▸ **EXERCISE DESCRIPTION**: All lines of the data shown below should be output exactly as they stand.

▸ **MATERIAL FOR THE TASK**:
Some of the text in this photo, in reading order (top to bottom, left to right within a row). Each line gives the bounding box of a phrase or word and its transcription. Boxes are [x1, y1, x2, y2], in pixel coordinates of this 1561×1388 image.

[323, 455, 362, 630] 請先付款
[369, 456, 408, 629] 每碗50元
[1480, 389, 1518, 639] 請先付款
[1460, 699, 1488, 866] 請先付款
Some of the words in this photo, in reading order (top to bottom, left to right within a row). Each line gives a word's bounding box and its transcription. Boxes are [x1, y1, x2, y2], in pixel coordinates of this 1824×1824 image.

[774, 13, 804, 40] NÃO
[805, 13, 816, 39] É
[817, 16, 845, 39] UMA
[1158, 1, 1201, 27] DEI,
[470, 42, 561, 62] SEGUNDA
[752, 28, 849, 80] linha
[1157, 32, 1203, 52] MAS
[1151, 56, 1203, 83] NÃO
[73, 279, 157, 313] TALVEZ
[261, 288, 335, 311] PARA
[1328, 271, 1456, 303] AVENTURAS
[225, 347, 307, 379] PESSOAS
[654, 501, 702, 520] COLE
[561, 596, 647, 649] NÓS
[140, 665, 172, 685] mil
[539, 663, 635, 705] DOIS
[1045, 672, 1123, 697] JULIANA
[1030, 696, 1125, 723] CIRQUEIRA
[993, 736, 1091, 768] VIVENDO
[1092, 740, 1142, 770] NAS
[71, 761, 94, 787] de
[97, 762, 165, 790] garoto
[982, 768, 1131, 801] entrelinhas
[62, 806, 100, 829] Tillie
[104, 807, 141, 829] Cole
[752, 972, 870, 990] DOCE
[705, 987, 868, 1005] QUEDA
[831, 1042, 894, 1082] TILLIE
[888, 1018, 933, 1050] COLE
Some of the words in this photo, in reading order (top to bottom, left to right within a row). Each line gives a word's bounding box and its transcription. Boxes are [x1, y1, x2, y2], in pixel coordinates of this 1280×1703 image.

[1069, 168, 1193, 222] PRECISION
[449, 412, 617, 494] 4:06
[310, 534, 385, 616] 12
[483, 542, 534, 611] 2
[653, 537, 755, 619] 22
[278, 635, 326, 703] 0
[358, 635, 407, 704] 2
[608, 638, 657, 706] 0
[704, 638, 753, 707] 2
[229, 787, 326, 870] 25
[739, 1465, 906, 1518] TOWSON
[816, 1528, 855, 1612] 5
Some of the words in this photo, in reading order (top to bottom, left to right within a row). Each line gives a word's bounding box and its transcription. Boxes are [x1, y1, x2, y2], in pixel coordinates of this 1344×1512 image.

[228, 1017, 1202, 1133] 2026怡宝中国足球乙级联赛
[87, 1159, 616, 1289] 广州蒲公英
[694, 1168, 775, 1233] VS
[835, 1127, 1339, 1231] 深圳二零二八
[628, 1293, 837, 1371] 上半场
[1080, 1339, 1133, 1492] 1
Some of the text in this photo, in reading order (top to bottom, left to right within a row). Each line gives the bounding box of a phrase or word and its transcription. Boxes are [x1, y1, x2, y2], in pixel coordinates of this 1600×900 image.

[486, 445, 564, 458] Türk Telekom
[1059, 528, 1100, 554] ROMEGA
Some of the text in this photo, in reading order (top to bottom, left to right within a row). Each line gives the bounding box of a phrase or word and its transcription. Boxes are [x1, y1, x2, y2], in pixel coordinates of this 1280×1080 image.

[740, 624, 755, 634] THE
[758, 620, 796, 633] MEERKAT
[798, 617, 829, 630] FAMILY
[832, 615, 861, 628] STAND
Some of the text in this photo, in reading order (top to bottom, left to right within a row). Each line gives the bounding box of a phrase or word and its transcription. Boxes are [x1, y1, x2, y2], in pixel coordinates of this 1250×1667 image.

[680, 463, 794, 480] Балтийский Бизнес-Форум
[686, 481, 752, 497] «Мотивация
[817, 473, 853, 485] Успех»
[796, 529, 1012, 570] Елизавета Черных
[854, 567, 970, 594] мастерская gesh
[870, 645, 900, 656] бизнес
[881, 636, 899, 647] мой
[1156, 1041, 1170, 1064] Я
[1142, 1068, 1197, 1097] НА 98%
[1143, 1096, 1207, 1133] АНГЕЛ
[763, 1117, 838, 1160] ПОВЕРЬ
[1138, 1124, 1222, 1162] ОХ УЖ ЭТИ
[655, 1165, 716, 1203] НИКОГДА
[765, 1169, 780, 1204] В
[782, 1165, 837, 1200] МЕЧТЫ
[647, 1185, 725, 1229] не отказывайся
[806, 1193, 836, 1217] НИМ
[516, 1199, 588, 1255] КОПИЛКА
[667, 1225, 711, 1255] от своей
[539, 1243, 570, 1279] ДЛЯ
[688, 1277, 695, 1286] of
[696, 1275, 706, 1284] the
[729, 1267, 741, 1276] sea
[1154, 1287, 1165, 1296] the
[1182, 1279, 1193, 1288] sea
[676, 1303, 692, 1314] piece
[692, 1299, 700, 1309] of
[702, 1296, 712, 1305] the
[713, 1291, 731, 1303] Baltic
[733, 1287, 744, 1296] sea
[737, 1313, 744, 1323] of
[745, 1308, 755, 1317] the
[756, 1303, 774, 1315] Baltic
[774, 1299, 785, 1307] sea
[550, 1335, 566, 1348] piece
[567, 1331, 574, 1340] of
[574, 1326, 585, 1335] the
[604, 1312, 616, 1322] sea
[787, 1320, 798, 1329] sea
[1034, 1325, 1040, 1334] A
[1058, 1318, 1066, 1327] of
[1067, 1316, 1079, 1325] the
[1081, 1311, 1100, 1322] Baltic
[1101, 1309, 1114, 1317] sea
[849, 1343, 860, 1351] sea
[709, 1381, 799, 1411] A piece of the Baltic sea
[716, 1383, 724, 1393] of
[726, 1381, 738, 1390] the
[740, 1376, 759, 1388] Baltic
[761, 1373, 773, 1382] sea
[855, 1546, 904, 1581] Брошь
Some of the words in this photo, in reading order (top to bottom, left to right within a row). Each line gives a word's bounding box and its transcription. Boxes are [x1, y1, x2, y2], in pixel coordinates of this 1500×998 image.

▸ **SOLUTION**:
Some of the text in this photo, in reading order (top to bottom, left to right within a row). Each line gives the bounding box of a phrase or word and its transcription. Boxes are [x1, y1, x2, y2], in pixel coordinates of this 1561×1388 image.

[323, 455, 362, 630] 請先付款
[369, 456, 408, 629] 每碗50元
[1480, 389, 1518, 639] 請先付款
[1460, 699, 1488, 866] 請先付款
Some of the words in this photo, in reading order (top to bottom, left to right within a row). Each line gives a word's bounding box and its transcription. Boxes are [x1, y1, x2, y2], in pixel coordinates of this 1824×1824 image.

[774, 13, 804, 40] NÃO
[805, 13, 816, 39] É
[817, 16, 845, 39] UMA
[1158, 1, 1201, 27] DEI,
[470, 42, 561, 62] SEGUNDA
[752, 28, 849, 80] linha
[1157, 32, 1203, 52] MAS
[1151, 56, 1203, 83] NÃO
[73, 279, 157, 313] TALVEZ
[261, 288, 335, 311] PARA
[1328, 271, 1456, 303] AVENTURAS
[225, 347, 307, 379] PESSOAS
[654, 501, 702, 520] COLE
[561, 596, 647, 649] NÓS
[140, 665, 172, 685] mil
[539, 663, 635, 705] DOIS
[1045, 672, 1123, 697] JULIANA
[1030, 696, 1125, 723] CIRQUEIRA
[993, 736, 1091, 768] VIVENDO
[1092, 740, 1142, 770] NAS
[71, 761, 94, 787] de
[97, 762, 165, 790] garoto
[982, 768, 1131, 801] entrelinhas
[62, 806, 100, 829] Tillie
[104, 807, 141, 829] Cole
[752, 972, 870, 990] DOCE
[705, 987, 868, 1005] QUEDA
[831, 1042, 894, 1082] TILLIE
[888, 1018, 933, 1050] COLE
Some of the words in this photo, in reading order (top to bottom, left to right within a row). Each line gives a word's bounding box and its transcription. Boxes are [x1, y1, x2, y2], in pixel coordinates of this 1280×1703 image.

[1069, 168, 1193, 222] PRECISION
[449, 412, 617, 494] 4:06
[310, 534, 385, 616] 12
[483, 542, 534, 611] 2
[653, 537, 755, 619] 22
[278, 635, 326, 703] 0
[358, 635, 407, 704] 2
[608, 638, 657, 706] 0
[704, 638, 753, 707] 2
[229, 787, 326, 870] 25
[739, 1465, 906, 1518] TOWSON
[816, 1528, 855, 1612] 5
Some of the words in this photo, in reading order (top to bottom, left to right within a row). Each line gives a word's bounding box and its transcription. Boxes are [x1, y1, x2, y2], in pixel coordinates of this 1344×1512 image.

[228, 1017, 1202, 1133] 2026怡宝中国足球乙级联赛
[87, 1159, 616, 1289] 广州蒲公英
[694, 1168, 775, 1233] VS
[835, 1127, 1339, 1231] 深圳二零二八
[628, 1293, 837, 1371] 上半场
[1080, 1339, 1133, 1492] 1
Some of the text in this photo, in reading order (top to bottom, left to right within a row). Each line gives the bounding box of a phrase or word and its transcription. Boxes are [x1, y1, x2, y2], in pixel coordinates of this 1600×900 image.

[486, 445, 564, 458] Türk Telekom
[1059, 528, 1100, 554] ROMEGA
Some of the text in this photo, in reading order (top to bottom, left to right within a row). Each line gives the bounding box of a phrase or word and its transcription. Boxes are [x1, y1, x2, y2], in pixel coordinates of this 1280×1080 image.

[740, 624, 755, 634] THE
[758, 620, 796, 633] MEERKAT
[798, 617, 829, 630] FAMILY
[832, 615, 861, 628] STAND
Some of the text in this photo, in reading order (top to bottom, left to right within a row). Each line gives the bounding box of a phrase or word and its transcription. Boxes are [x1, y1, x2, y2], in pixel coordinates of this 1250×1667 image.

[680, 463, 794, 480] Балтийский Бизнес-Форум
[686, 481, 752, 497] «Мотивация
[817, 473, 853, 485] Успех»
[796, 529, 1012, 570] Елизавета Черных
[854, 567, 970, 594] мастерская gesh
[870, 645, 900, 656] бизнес
[881, 636, 899, 647] мой
[1156, 1041, 1170, 1064] Я
[1142, 1068, 1197, 1097] НА 98%
[1143, 1096, 1207, 1133] АНГЕЛ
[763, 1117, 838, 1160] ПОВЕРЬ
[1138, 1124, 1222, 1162] ОХ УЖ ЭТИ
[655, 1165, 716, 1203] НИКОГДА
[765, 1169, 780, 1204] В
[782, 1165, 837, 1200] МЕЧТЫ
[647, 1185, 725, 1229] не отказывайся
[806, 1193, 836, 1217] НИМ
[516, 1199, 588, 1255] КОПИЛКА
[667, 1225, 711, 1255] от своей
[539, 1243, 570, 1279] ДЛЯ
[688, 1277, 695, 1286] of
[696, 1275, 706, 1284] the
[729, 1267, 741, 1276] sea
[1154, 1287, 1165, 1296] the
[1182, 1279, 1193, 1288] sea
[676, 1303, 692, 1314] piece
[692, 1299, 700, 1309] of
[702, 1296, 712, 1305] the
[713, 1291, 731, 1303] Baltic
[733, 1287, 744, 1296] sea
[737, 1313, 744, 1323] of
[745, 1308, 755, 1317] the
[756, 1303, 774, 1315] Baltic
[774, 1299, 785, 1307] sea
[550, 1335, 566, 1348] piece
[567, 1331, 574, 1340] of
[574, 1326, 585, 1335] the
[604, 1312, 616, 1322] sea
[787, 1320, 798, 1329] sea
[1034, 1325, 1040, 1334] A
[1058, 1318, 1066, 1327] of
[1067, 1316, 1079, 1325] the
[1081, 1311, 1100, 1322] Baltic
[1101, 1309, 1114, 1317] sea
[849, 1343, 860, 1351] sea
[709, 1381, 799, 1411] A piece of the Baltic sea
[716, 1383, 724, 1393] of
[726, 1381, 738, 1390] the
[740, 1376, 759, 1388] Baltic
[761, 1373, 773, 1382] sea
[855, 1546, 904, 1581] Брошь
Some of the words in this photo, in reading order (top to bottom, left to right within a row). Each line gives a word's bounding box and its transcription. Boxes are [x1, y1, x2, y2], in pixel coordinates of this 1500×998 image.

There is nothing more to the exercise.